When the first warm days arrive, the urge to prune begins: away with the old wood, everything nice and smooth and tidy. It’s precisely then that the most expensive mistakes are made with roses. Instead of a profusion of blooms, often all that remains is a lot of foliage and a few sad buds. The reason is usually not the fertilizer or the weather, but a small detail that surprisingly many people overlook.
Why radical pruning in March slows down your roses
In garden centers, you often see neatly trimmed rows of roses: all the shoots at the same height, everything looks tidy. Many people take this image home and copy it. The problem: roses are not hedge plants.
The shoots contain all the energy needed to start the year. They hold reserves and contain the buds for new blossoms. Cutting everything back in March deprives the plant of exactly what it needs most right now.
Avoid mistakes when pruning roses
Cutting roses back too severely in March forces the plant to rebuild its wood – flowering is delayed and often significantly weaker. The previous year’s wood is particularly important. Many varieties produce the most flowers on these shoots. If they are completely removed and composted, the bush essentially starts from scratch. The roots have to work harder to supply new shoots, putting the plant under stress.
The „eye rule“ when pruning roses
The crucial detail is the small swellings along the shoots. Gardeners call them „eyes“. Each eye is a potential shoot and therefore a possible flowering plant.
The most important step before every cut: calmly observe and count. Don’t prune by feel, but plan carefully how many buds should remain on each shoot.
How many eyes are ideal?
- Strong, healthy shoots: Leave 3 to 5 buds from the base.
- Weaker shoots: leave 2 to 3 buds.
- Very thin, diseased, or inward-growing shoots: remove them completely.
This keeps the inside of the bush more airy, allows leaves to dry faster after rain, and makes it much harder for fungal diseases to take hold.

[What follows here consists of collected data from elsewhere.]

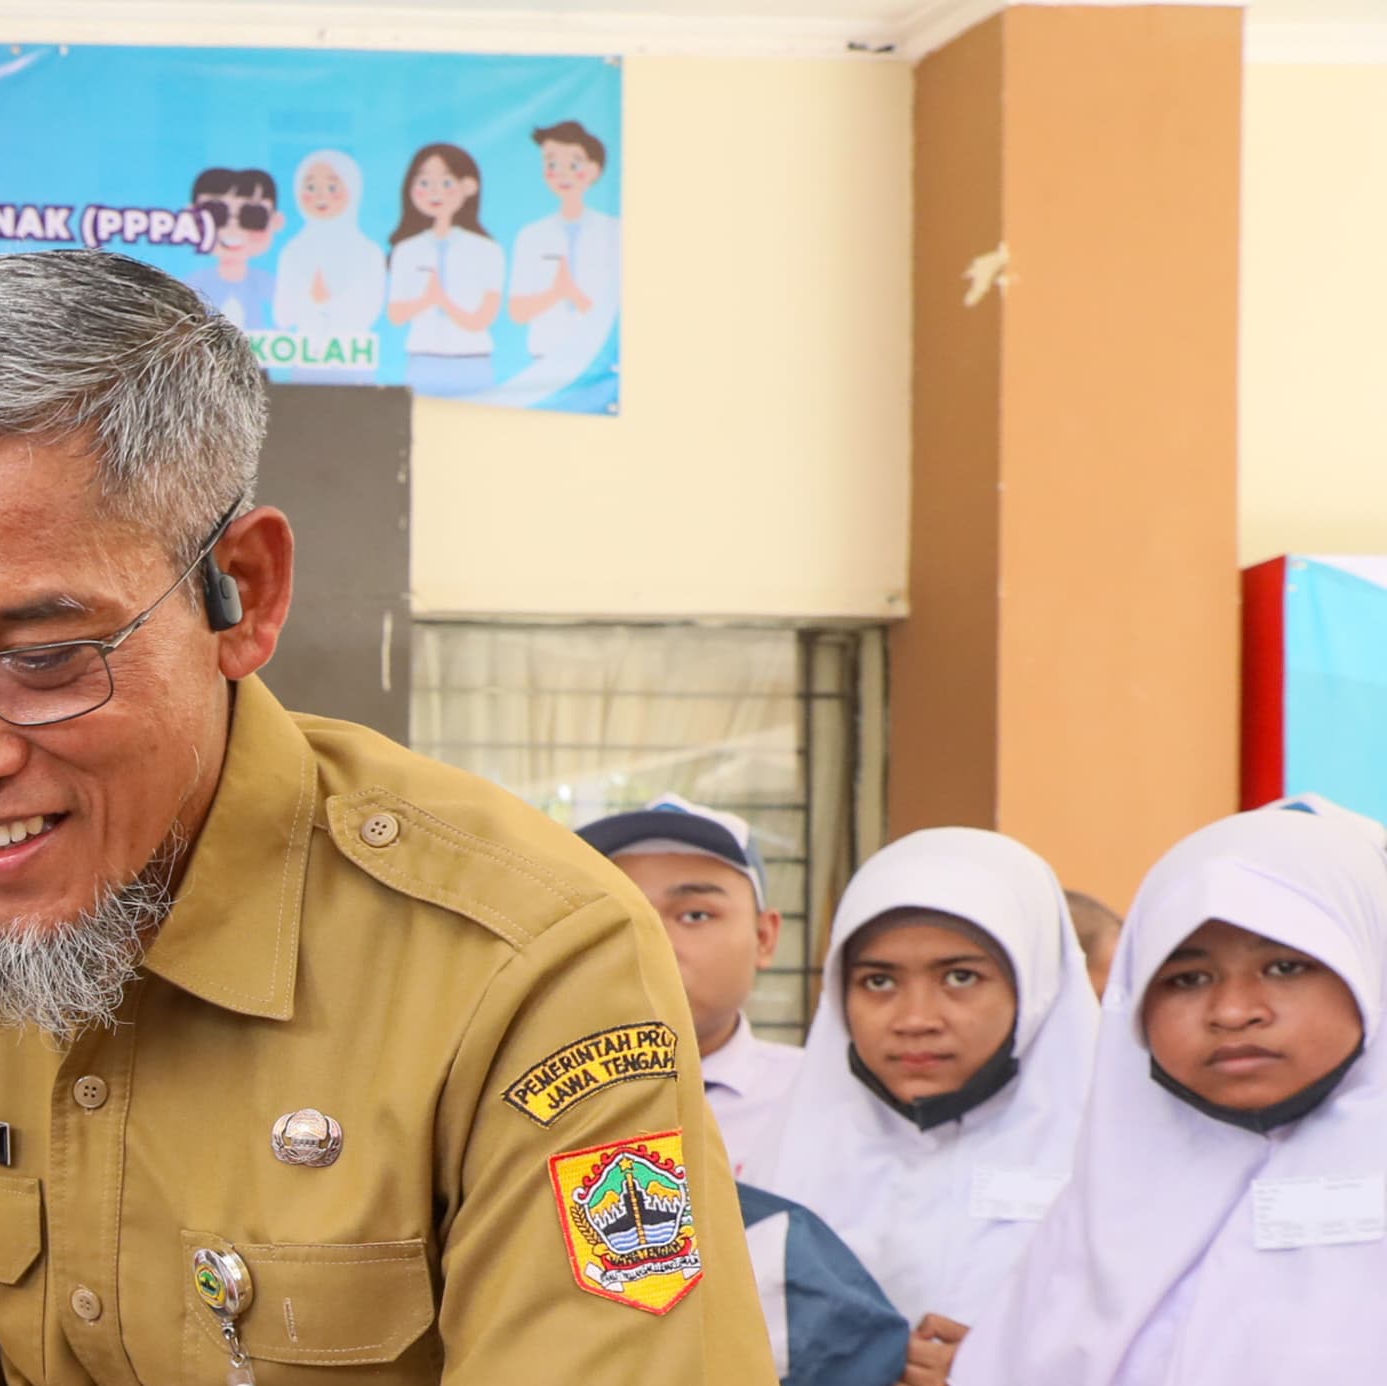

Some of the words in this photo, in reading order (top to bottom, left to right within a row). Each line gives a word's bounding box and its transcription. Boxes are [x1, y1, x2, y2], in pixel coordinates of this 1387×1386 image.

[82, 206, 216, 252] (PPPA)
[248, 336, 374, 364] KOLAH
[515, 1032, 632, 1104] PEMERINTAH
[548, 1070, 600, 1109] JAWA
[601, 1050, 676, 1077] TENGAH

What type of rose is growing there?
Before you reach for the shears, it’s worth doing a quick check: What type of rose is growing in the flower bed? Not every rose tolerates the same pruning in March.
Repeat-flowering and once-flowering roses
Roses can be roughly divided into two groups:
- Repeat-flowering roses: These bloom several times a year. Their main pruning takes place at the end of winter, i.e., in late February or March, depending on the region.
- Once-blooming roses: These roses only produce flowers once a year, usually in early summer. These varieties develop their flowers on the previous year’s wood. A heavy pruning in March would remove almost all the flower buds.
How to properly train climbing roses instead of pruning them
Climbing roses often give many amateur gardeners a headache. The key here is structure, not prune. Repeat-flowering climbing roses, in particular, benefit from a clear, structured form.
- Select 3 to 5 strong, well-lignified main shoots and attach them to the trellis.
- Arrange these main shoots horizontally or in a fan shape to encourage the formation of many side branches.
- Shorten the lateral shoots to 2 to 3 buds, again just above an outward-facing bud.
Typical mistakes when pruning roses in March
- Cutting everything to the same height results in a „broom“ of equally long stumps, instead of a harmonious shrub shape.
- If you cut too close together in the center, the middle remains full, the air circulation is poor, and mushrooms thrive.
- Completely remove old wood – especially in older roses, fruiting shoots with many flower buds are then missing.
- Avoid cutting in frost or wet conditions – cuts heal less well, and infections increase.
- Using blunt or dirty scissors results in bruising instead of clean cuts and increases susceptibility to disease.
Preparation: Protect roses when pruning
- Clean the scissors and disinfect them if necessary.
- Make sure the blades are sharp so that the cuts are smooth.
- Wear gloves to protect yourself from thorns.
- Remove heavily aged, grey wood first, starting at the base.
More flowers with the right combination of pruning and care
Pruning alone doesn’t determine the abundance of blooms. However, it works in conjunction with other aspects of rose care. After a well-planned pruning in March, a moderate starter fertilizer is beneficial, ideally a special rose fertilizer with a high potassium and phosphorus content. These nutrients support bud formation and flowering.
Consistent watering is also helpful. Extreme waterlogging from above, for example from constantly watering with a hose, promotes fungal growth and leaches nutrients. It’s better to water directly at the root zone and keep the foliage as dry as possible.
Anyone who combines all these points with the simple rule of thumb will quickly realize: March is not a month for blind pruning, but for a calm, careful look. A few extra minutes of attention to each shoot will pay off in summer with significantly more blooms – and that’s precisely why it’s worth using the shears less often when in doubt.